2/10
Albert and the terrible, horrible, no good, very bad re-edit
15 August 2023
Let's not stand on pretense: this isn't very good. It's not very good at all. A fraction of the runtime has elapsed and we can easily discern that simple truth. I'm not sure whose fault it is that this isn't good, though, and I don't necessarily think it's Albert Pyun's. I'm not saying he was a great filmmaker, but I've watched several of his movies and had a good time for what they are. It's very noteworthy that this one boasts strong production values, a definite step or two above anything else of his that I've seen to date. The fact that this quickly shows itself to be little more than Just Another Zombie Flick, well, that's much less encouraging, but to read of the concept that Pyun apparently had for this feature suggests some welcome creativity. And I like Christopher Lambert, and Natasha Henstridge even more; sure, they've starred in no small amount of shlock, but we know what they're capable of. 'Adrenalin: Fear the rush' seems to have had some good things going for it, and that includes excellent filming locations, great effects and special makeup, solid production design, and otherwise fine work from the folks operating behind the scenes. I even quite like Tony Riparetti's score, and for the most part, George Mooradian's cinematography.

However, from there the problems mount immediately and substantially.

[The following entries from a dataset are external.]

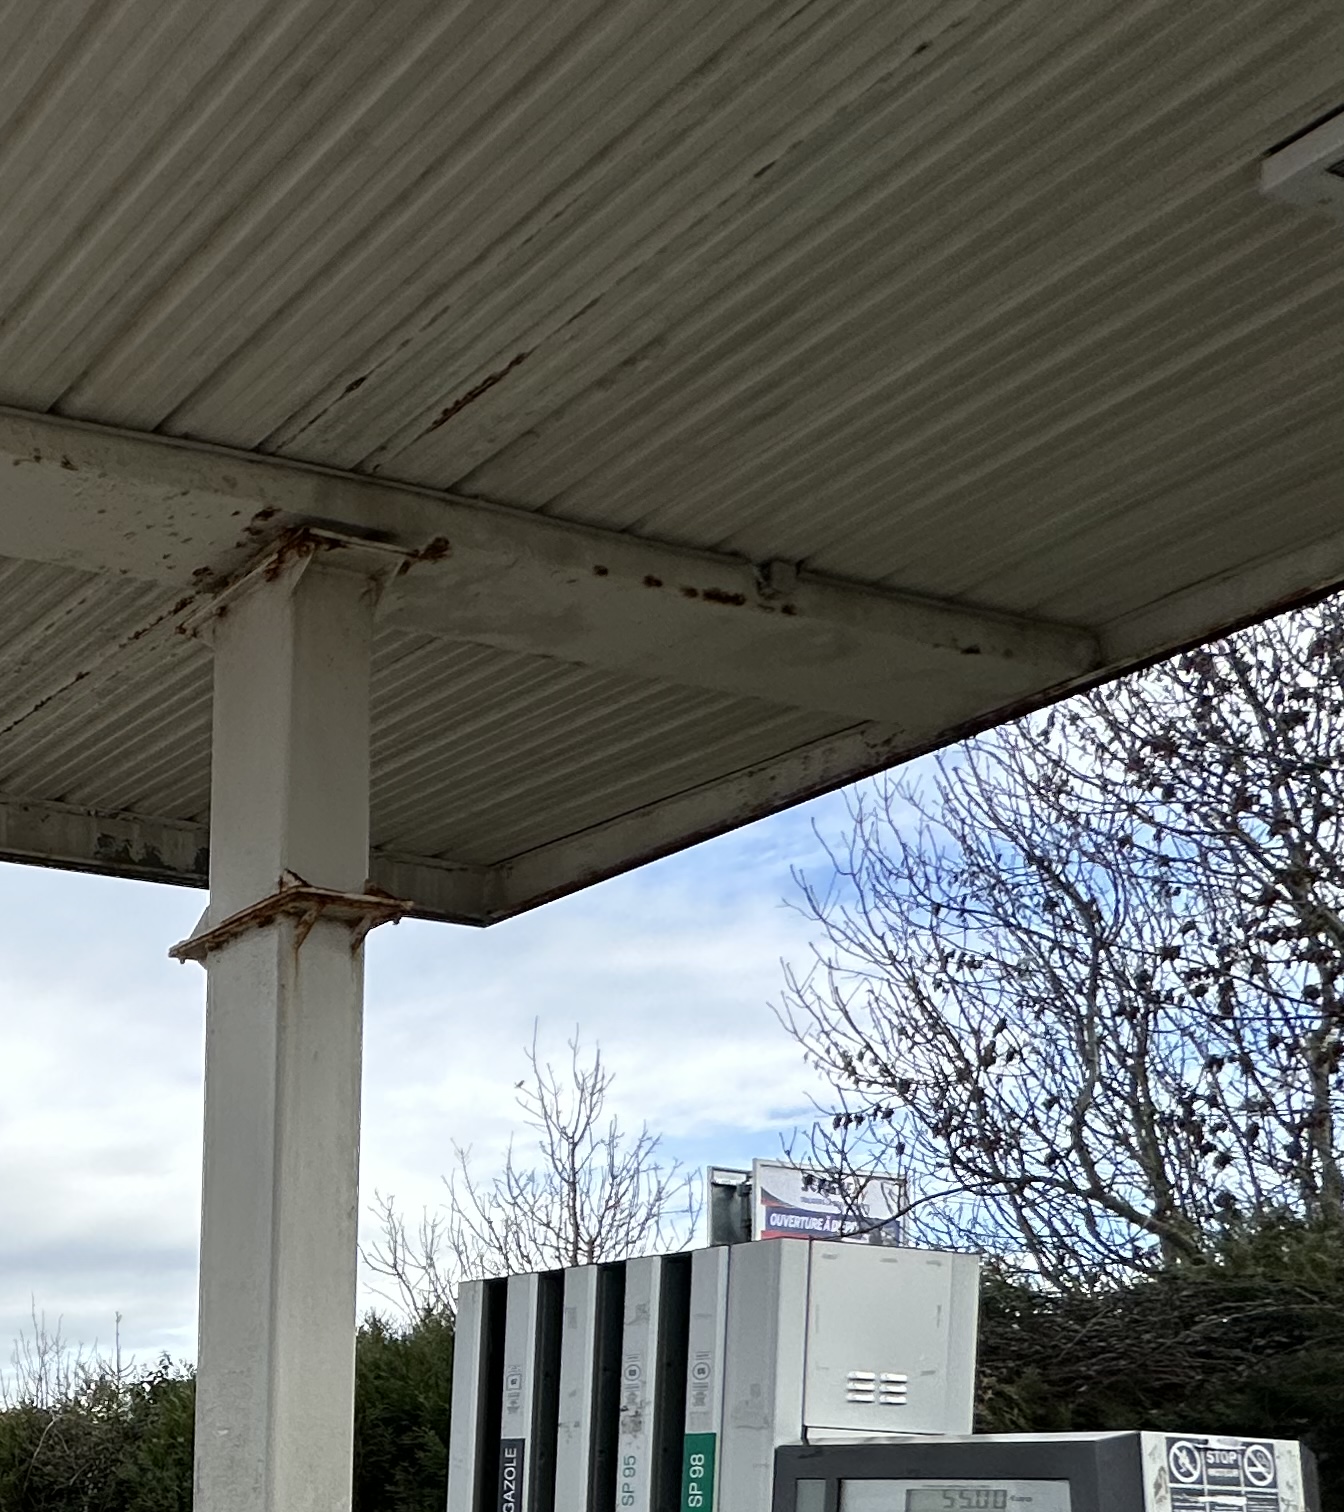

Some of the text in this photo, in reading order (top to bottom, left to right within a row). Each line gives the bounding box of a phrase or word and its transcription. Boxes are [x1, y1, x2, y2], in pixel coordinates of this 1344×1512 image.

[770, 1213, 824, 1230] OUVERTURE
[822, 1215, 832, 1231] À
[1206, 1451, 1237, 1464] STOP
[622, 1455, 636, 1507] SP 95
[688, 1453, 705, 1508] SP 98

For one thing, the dialogue is just trash - blunt, blocky, often feeling altogether forced, and even coming across as ill-fitting, as if some lines genuinely didn't belong where they were inserted. The pacing is weirdly uneven; sometimes this is very fast-paced, in the next moment it may curiously drag, and a moment later it's running right along again. Scenes as they present feel disordered, pushed along at an unnatural gait, and kind of sloppy, for what seems like different reasons at different times: sometimes the direction, sometimes the forced and heavy-handed acting that results from the direction, sometimes overexcited camerawork, sometimes choppy and overzealous editing, and sometimes simply the arrangement of a shot. The fundamental story, as we see it, likewise comes across as being shoved through a grinder, but in a strange capacity that doesn't actually reflect what was being fed into the grinder in the first place. The bones of the picture as we see it are just swell, I think, as a swift, violent action-horror romp. Those bones, unfortunately, have been whipped around inside an artificial hurricane at impossible velocity, and what we get in turn just never feels like what 'Adrenalin' was supposed to have been.

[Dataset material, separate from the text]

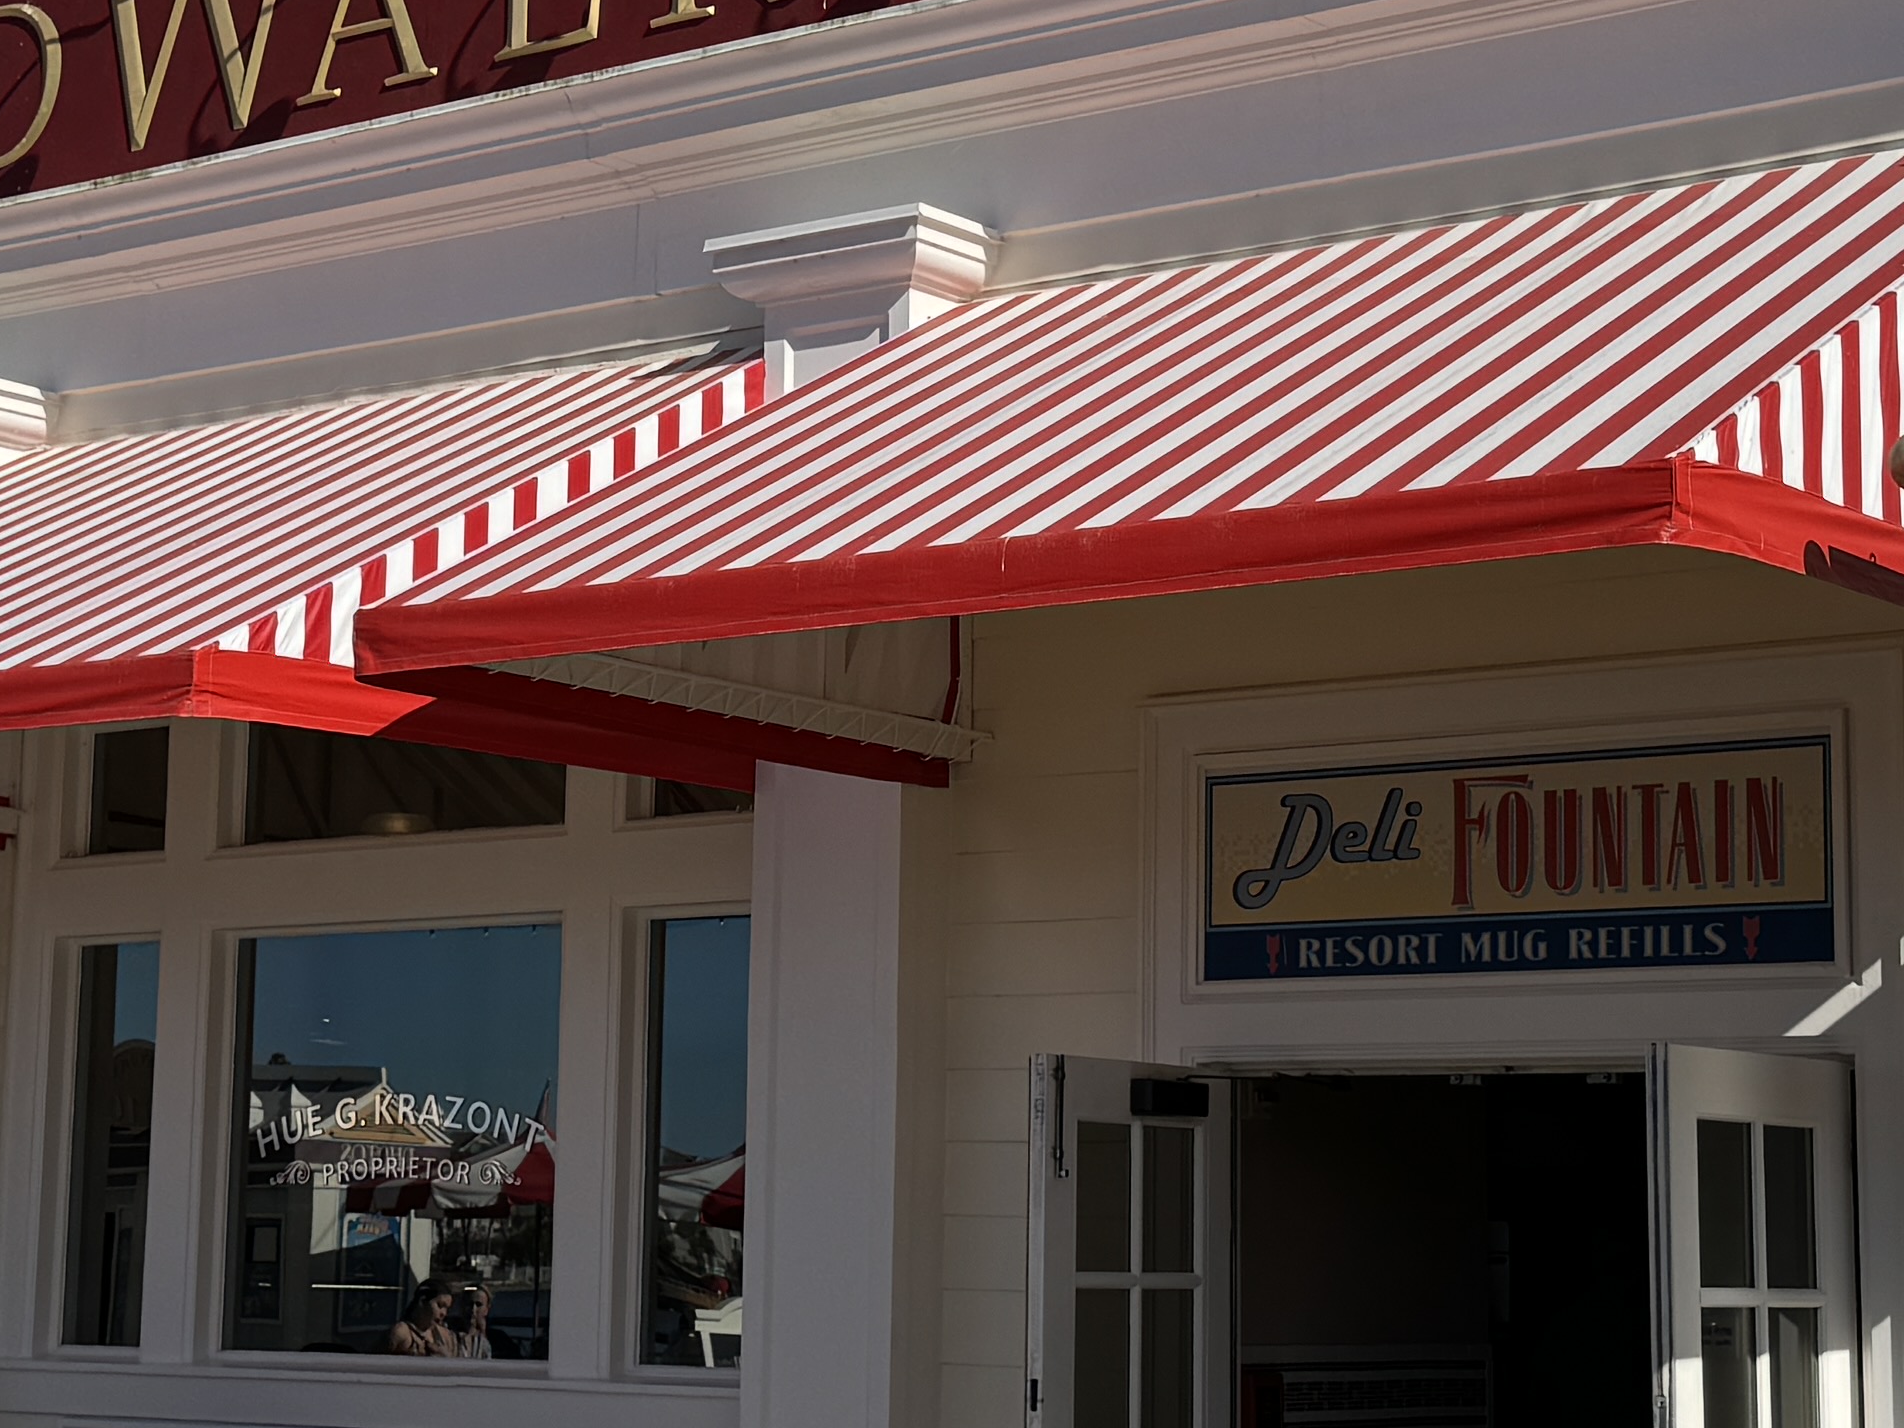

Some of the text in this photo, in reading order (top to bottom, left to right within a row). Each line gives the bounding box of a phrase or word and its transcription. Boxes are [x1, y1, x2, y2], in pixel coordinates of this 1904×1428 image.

[1232, 774, 1785, 912] Deli FOUNTAIN
[1298, 922, 1728, 970] RESORT MUG REFILLS
[256, 1093, 545, 1158] HUE G. KRAZONT
[323, 1158, 471, 1186] PROPRIETOR

And if one takes a few minutes to read up on the history of this film, it turns out that the feeling of almost everything here just being bizarrely Wrong is entirely justified. For whatever it was that Pyun envisioned, what he wrote and what he filmed, he surely deserves some blame just as much as he deserves some credit. Yet how much of 'Fear the rush,' as it exists, is Pyun's film? How much of it is instead the hack job of apparent re-edits and rewrites under the care of, accordingly, Bob Weinstein, Andrew Rona, and Rand Ravich? The sense of sloppiness, unnatural order and pacing, some bits being out of place, forced, blocky - well, a lot of this certainly has to be the product of poor treatment beyond the initial cut. Please note, for example, tiny pieces of the visuals that connote the original production in eastern Europe, contrasted with new dialogue that posits the setting is Boston, Massachusetts. Does Pyun's version even still exist anywhere? Since Pyun sadly died in 2022 it doesn't seem possible that we'll ever see it, if it even is still out there somewhere, unless his widow finds the material and can orchestrate a "director's cut."

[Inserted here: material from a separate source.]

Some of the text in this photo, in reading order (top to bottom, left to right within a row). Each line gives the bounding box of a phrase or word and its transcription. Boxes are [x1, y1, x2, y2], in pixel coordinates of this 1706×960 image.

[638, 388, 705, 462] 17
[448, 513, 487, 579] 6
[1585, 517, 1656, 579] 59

I don't think this is completely rotten. I see what it could have been, were more care and thought given to the movie's construction at any point. There was strong potential here. And yet I'm aghast that the potential I'm perceiving isn't even what the movie was supposed to be, but is instead an outrageously gawky, mismanaged bastardization. There are even elements of the narrative in this ill-considered kluge that feel like indifferent concessions to genre convention, and in consequence the whole decidedly struggles to even attain cohesiveness. For all the value that the feature can earnestly boast in its craftsmanship, and in Pyun's inceptive conjuration, and for all the value that this nevertheless almost carried in its extant form, I want to like this more than I do. For all those ways in which the extant feature is so astoundingly mangled and fragmented, I'm likely being all too generous in my assessment. For anyone who wants to argue for the need of much more robust protections for intellectual property and copyright laws, well, this is an exemplar for illustrating why studio executives, producers, and other filmmakers should not be allowed to get their hands on another's work and twist it to their own ends. There are worse things one could watch, yes, but him and haw all one wants about the particulars: at the end of the day, 'Adrenalin: Fear the rush' is a sad, sorry teachable moment in film-making and studio politics, and maybe that - and not the title in and of itself - is where its best worth ultimately lies.